Brasil Pode Criar Nova Lei para Incentivar Doação de Alimentos

Em outubro de 2024, o Senado aprovou um projeto que pode revolucionar a forma como tratamos a doação de alimentos no Brasil. O PL 2.874/2019, de autoria do senador Ciro Nogueira (PP-PI), recebeu a confirmação da Câmara dos Deputados no dia 9. No entanto, como houve alterações, o Senado terá que votar novamente antes que a proposta siga para sanção ou veto do presidente.

Política Nacional de Combate à Perda e Desperdício de Alimentos

O projeto estabelece a Política Nacional de Combate à Perda e Desperdício de Alimentos. Esta política incluirá diretrizes e formas de incentivo, como a dedução de até 5% da base de cálculo da Contribuição Social sobre o Lucro Líquido (CSLL) e do Imposto de Renda das Pessoas Jurídicas (IRPJ) para supermercados. Atualmente, a dedução da CSLL é de 2%, enquanto a do IRPJ não existe.

A nova política também promoverá programas e parcerias com a União, estados, organizações civis, e entidades religiosas. O foco é reduzir o desperdício e fomentar a cultura da doação de alimentos.

Medidas Complementares

Um ponto interessante é que a Câmara dos Deputados incluiu a autorização para estados e o Distrito Federal implementarem medidas alternativas. Isso pode incluir a redução ou isenção do ICMS sobre alimentos doados.

Como Funcionam as Doações?

De acordo com o projeto, alimentos e mercadorias devem estar embalados e dentro do prazo de validade para doação a bancos de alimentos, instituições ou pessoas físicas. As doações diretas ao consumidor final devem ser monitoradas por um profissional que comprove a qualidade dos produtos.

Além disso, o doador só será responsabilizado civilmente por danos se houver intenção de causar prejuízo. O projeto garante que a doação não cria uma relação de consumo.

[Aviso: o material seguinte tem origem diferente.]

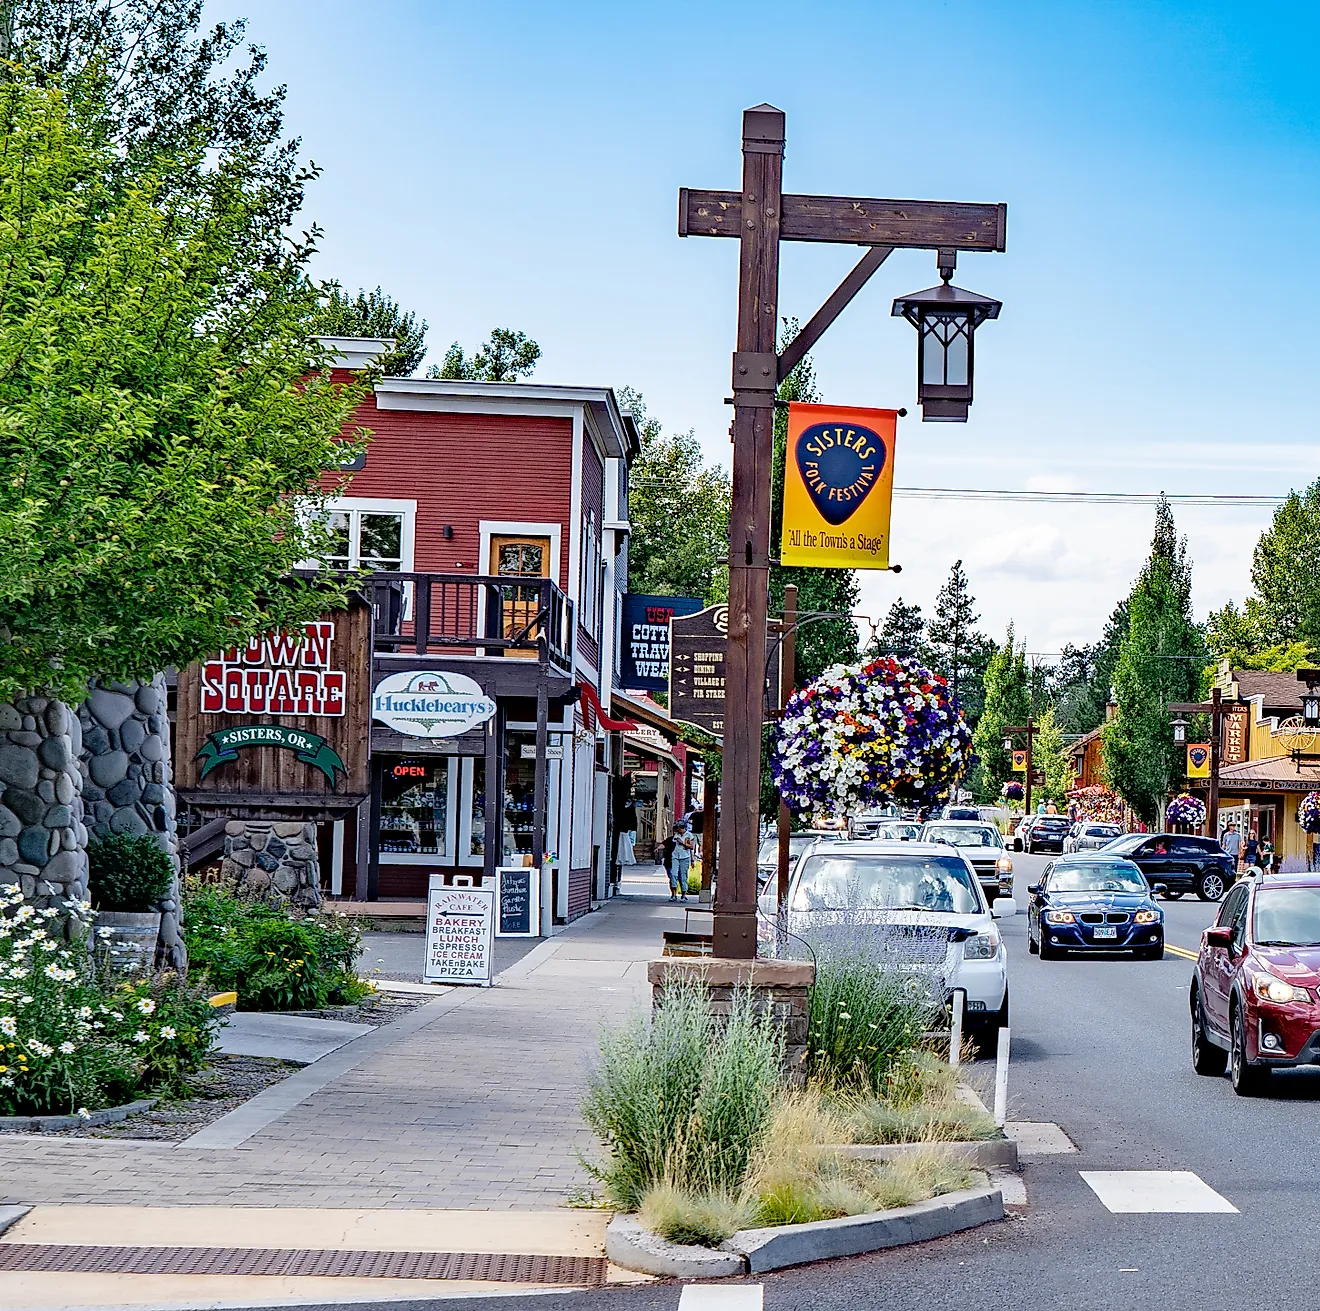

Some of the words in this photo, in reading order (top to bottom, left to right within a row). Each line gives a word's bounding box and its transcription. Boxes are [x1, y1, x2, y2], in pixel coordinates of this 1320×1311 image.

[806, 428, 876, 459] SISTERS
[805, 461, 827, 494] FOLK
[828, 464, 875, 502] FESTIVAL
[803, 530, 816, 547] the
[819, 531, 849, 549] Town's
[850, 538, 856, 549] a
[632, 624, 670, 641] COTT
[630, 642, 670, 660] TRAV
[693, 652, 723, 662] SHOPPING
[635, 660, 670, 677] WEA
[693, 665, 715, 674] DINING
[693, 677, 720, 686] VILLAGE
[201, 661, 346, 716] SQUARE
[693, 689, 704, 698] FIR
[705, 689, 726, 699] STREE
[375, 695, 485, 718] Hucklebearys
[228, 728, 285, 744] SISTERS,
[287, 733, 307, 749] OR
[1228, 714, 1242, 762] MARKET
[393, 765, 425, 777] OPEN
[434, 893, 488, 911] RAINWATER
[435, 918, 485, 927] BAKERY
[432, 926, 487, 935] BREAKFAST
[439, 935, 479, 943] LUNCH
[432, 943, 485, 952] ESPRESSO
[450, 951, 483, 959] CREAM
[430, 959, 485, 968] TAKEnBAKE
[440, 967, 473, 975] PIZZA

Incentivos Fiscais para Doadores

O IRPJ poderá também ter deduções para empresas que realizarem doações de alimentos ainda dentro do prazo de validade. O limite será de 5% para essas deduções. Isso também se aplicará a empresas menores, que operam sob o regime de lucro presumido.

As empresas doadoras terão que reportar às autoridades fiscais informações como o volume, tipo de alimento, valor e entidades beneficiárias. Alimentos fora da validade, mas ainda consumíveis, poderão ser utilizados na produção de ração animal ou compostagem.

Incentivos e Capacitação

O projeto prevê incentivos fiscais para:

  • Produção de equipamentos que minimizem perdas durante o processamento de alimentos.
  • Doadores de alimentos.
  • Entidades que atuem como instituições receptoras.
  • Agricultores familiares.

A execução dessa política deverá seguir as diretrizes do Sistema Nacional de Segurança Alimentar e Nutricional, bem como as legislações ambientais.

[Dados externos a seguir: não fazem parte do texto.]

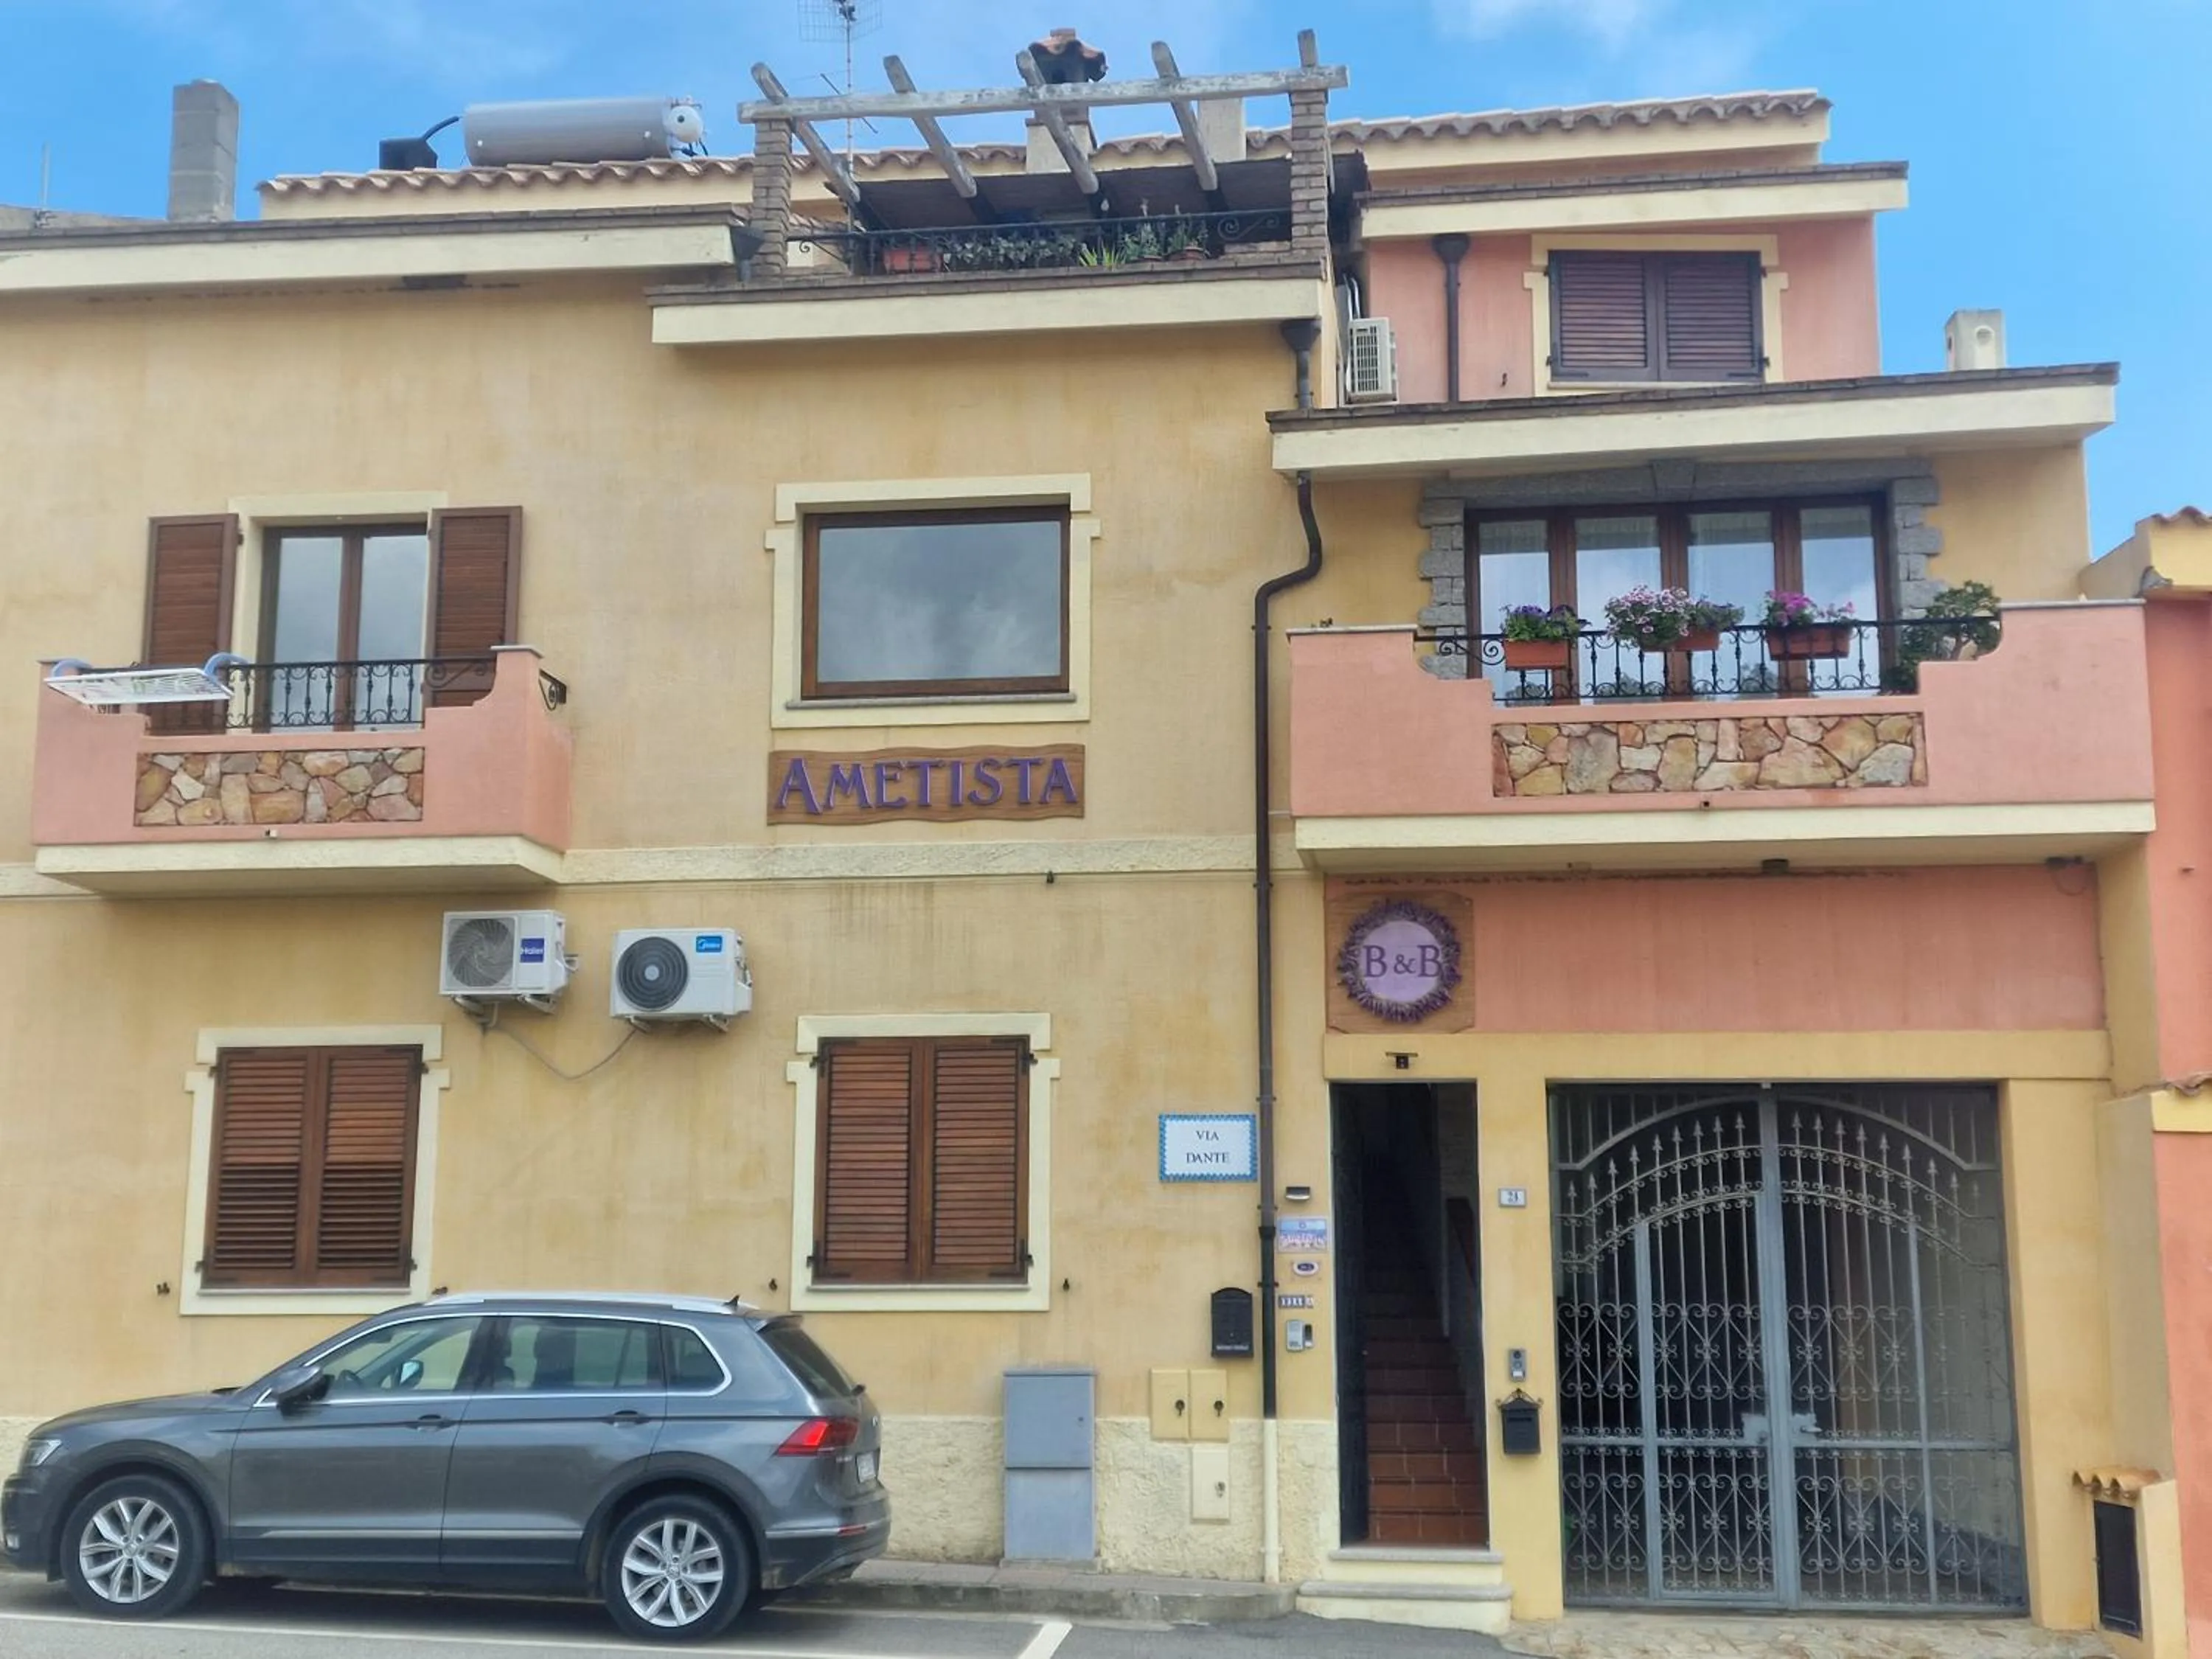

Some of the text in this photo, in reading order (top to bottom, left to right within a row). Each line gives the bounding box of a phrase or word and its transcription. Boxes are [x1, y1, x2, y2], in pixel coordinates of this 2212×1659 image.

[775, 757, 1078, 815] AMETISTA
[1363, 945, 1443, 978] B&B
[1196, 1130, 1220, 1141] VIA
[1186, 1152, 1229, 1164] DANTE

Criação do Selo Doador de Alimentos

Outra novidade é a criação do Selo Doador de Alimentos. Esta certificação, que terá validade de dois anos, incentivará empresas a participar do combate ao desperdício. As empresas que conquistarem o selo poderão usá-lo em sua promoção.

Capacitação e Educação

O projeto também destaca a importância da capacitação em toda a cadeia alimentar, desde a produção até a doação. A Câmara sugeriu que pesquisas sejam realizadas para entender melhor o desperdício de alimentos, buscando desenvolver tecnologias e práticas eficazes.

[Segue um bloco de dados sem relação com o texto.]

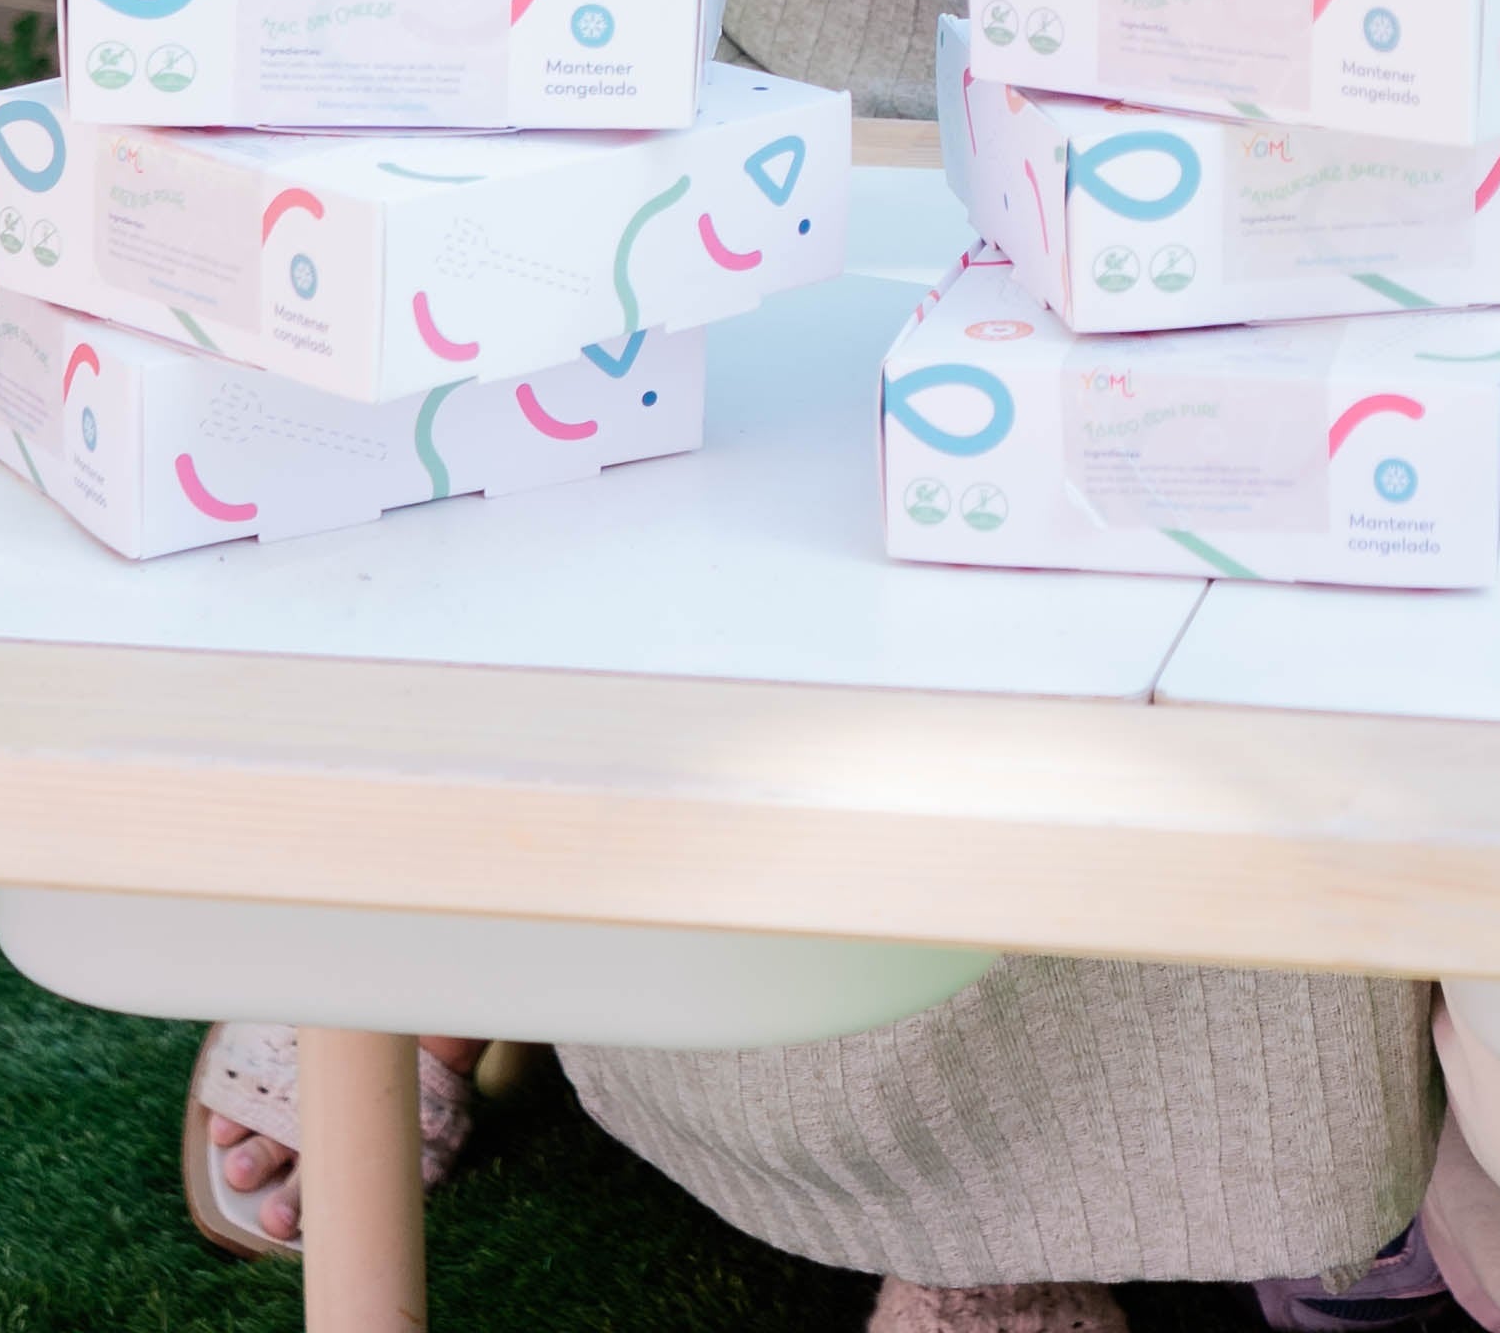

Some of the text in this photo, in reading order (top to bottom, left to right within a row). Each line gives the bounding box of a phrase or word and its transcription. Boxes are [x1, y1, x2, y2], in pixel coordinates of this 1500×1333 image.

[546, 59, 634, 75] Mantener
[1342, 59, 1416, 84] Mantener
[544, 79, 638, 99] congelado
[1341, 85, 1421, 106] congelado
[274, 302, 329, 333] Mantener
[273, 327, 333, 357] congelado
[1349, 513, 1435, 533] Mantener
[1348, 536, 1441, 555] congelado

Campanhas educativas também serão promovidas para incentivar a compra de alimentos com imperfeições e boas práticas de armazenamento e preparo.

Conclusão

Relatores do projeto, como os senadores Sérgio Petecão (PSD-AC) e Alan Rick (União-AC), ressaltam que, com as regras atuais, as empresas ainda veem mais vantagens em descartar alimentos do que em doá-los. Por isso, o projeto busca criar estímulos a essas iniciativas, garantindo que as empresas se sintam motivadas a participar.

Por que importa

  • Redução do Desperdício: O projeto ajuda a diminuir o desperdício de alimentos no Brasil.
  • Incentivo à Doação: Oferece benefícios fiscais para estimular doações.
  • Melhoria na Segurança Alimentar: Fortalece parcerias e programas para garantir uma alimentação saudável para a população.